### Task details:
The reply should contain all the data below, repeated exactly, and none of the images.

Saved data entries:
——
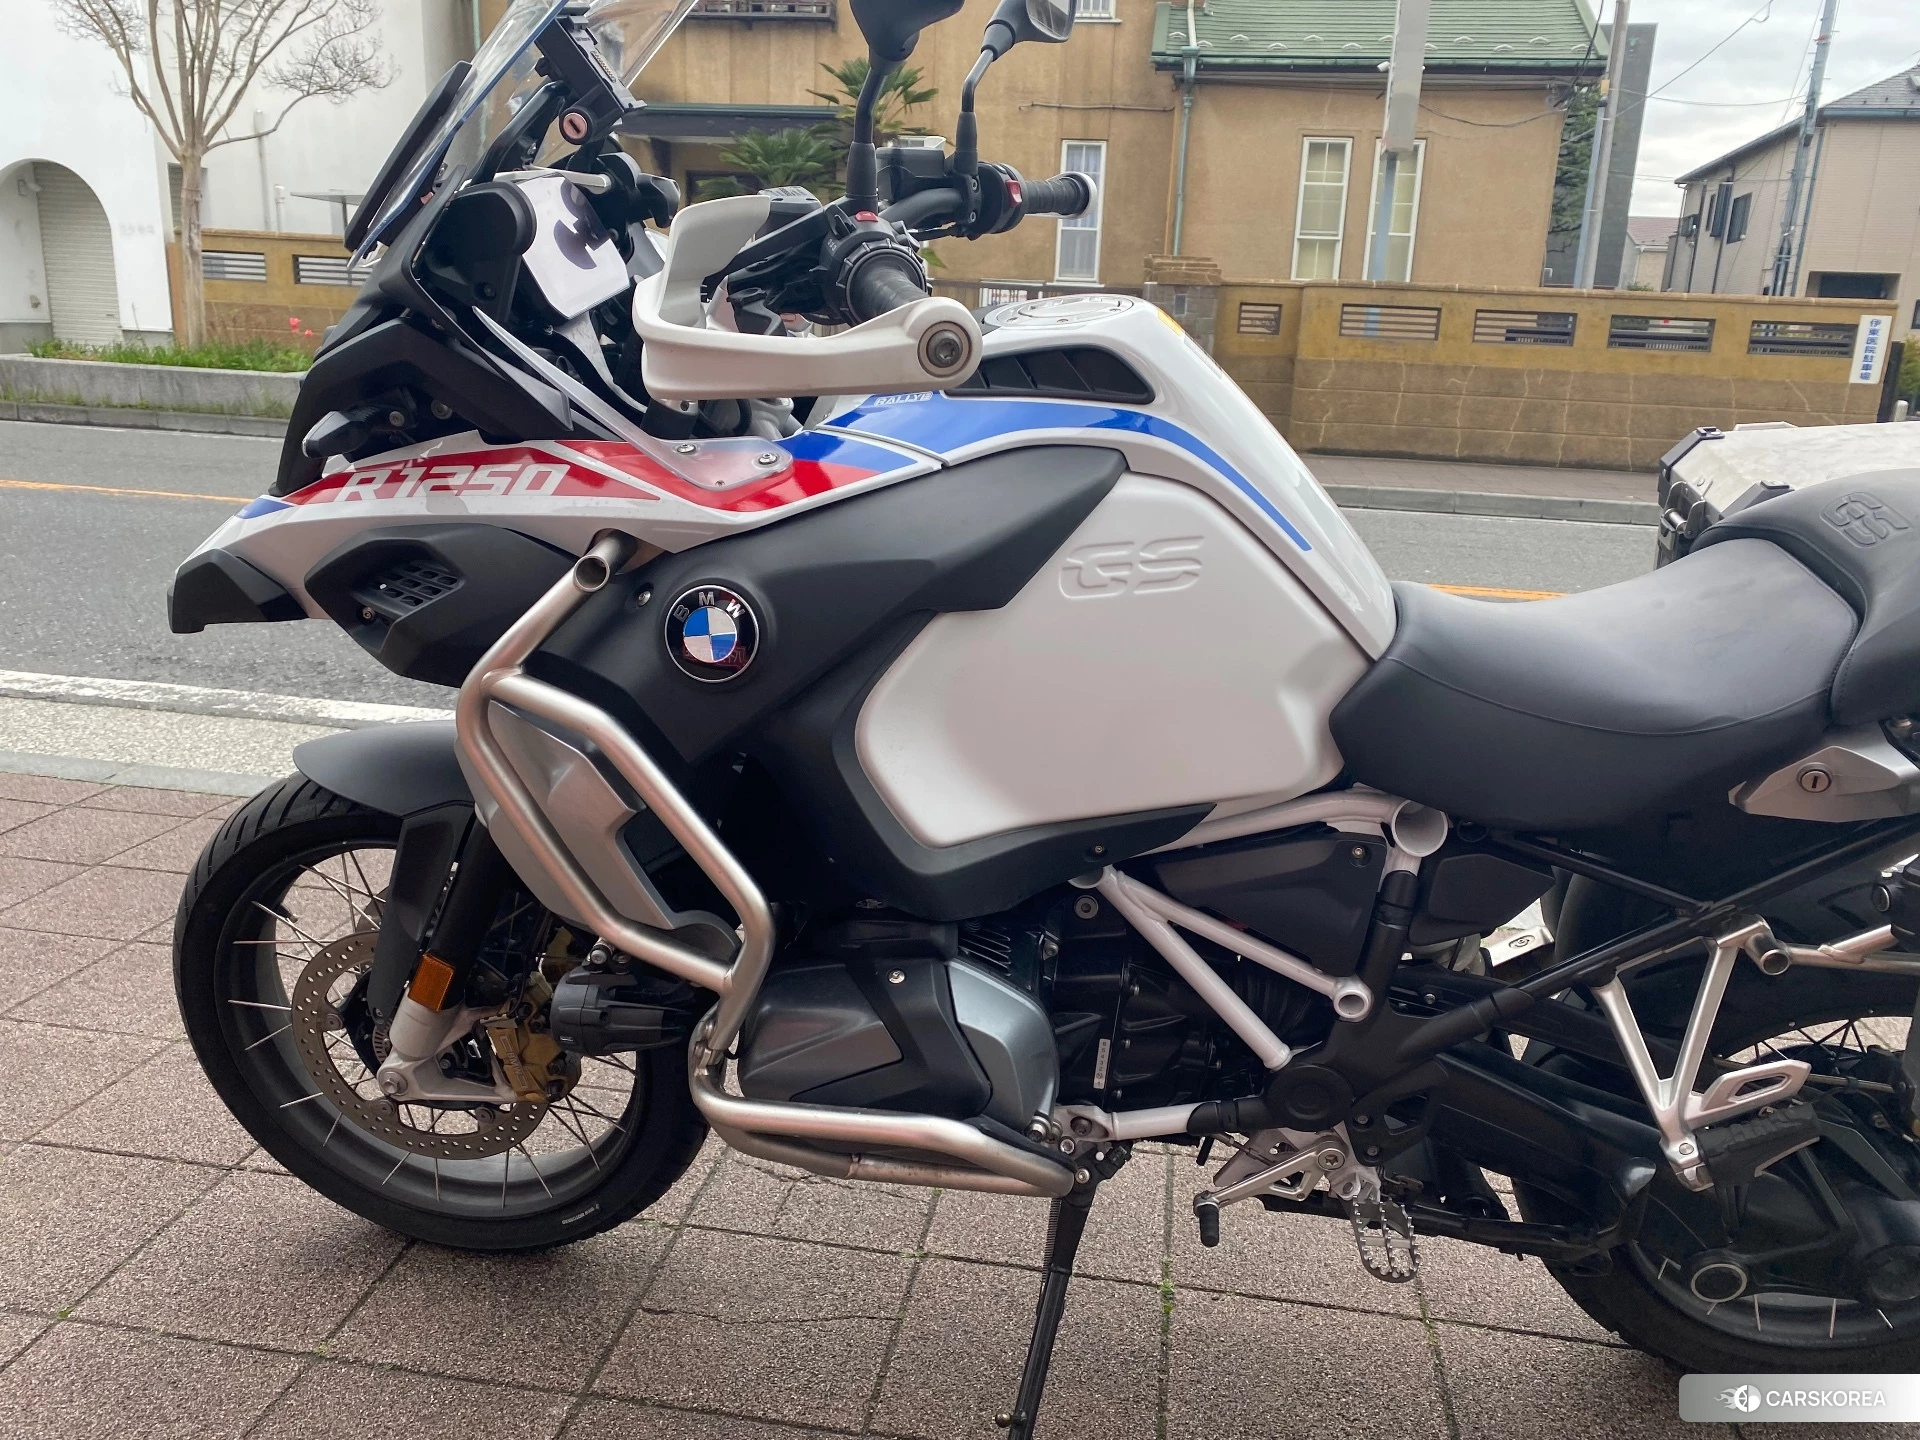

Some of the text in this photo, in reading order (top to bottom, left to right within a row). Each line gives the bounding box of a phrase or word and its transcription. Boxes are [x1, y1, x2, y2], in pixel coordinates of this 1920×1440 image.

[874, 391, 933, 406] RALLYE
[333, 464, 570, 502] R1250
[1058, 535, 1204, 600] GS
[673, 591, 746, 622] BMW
——
### Finished exercise:
Some of the text in this photo, in reading order (top to bottom, left to right within a row). Each line gives the bounding box of a phrase or word and its transcription. Boxes are [x1, y1, x2, y2], in pixel coordinates of this 1920×1440 image.

[874, 391, 933, 406] RALLYE
[333, 464, 570, 502] R1250
[1058, 535, 1204, 600] GS
[673, 591, 746, 622] BMW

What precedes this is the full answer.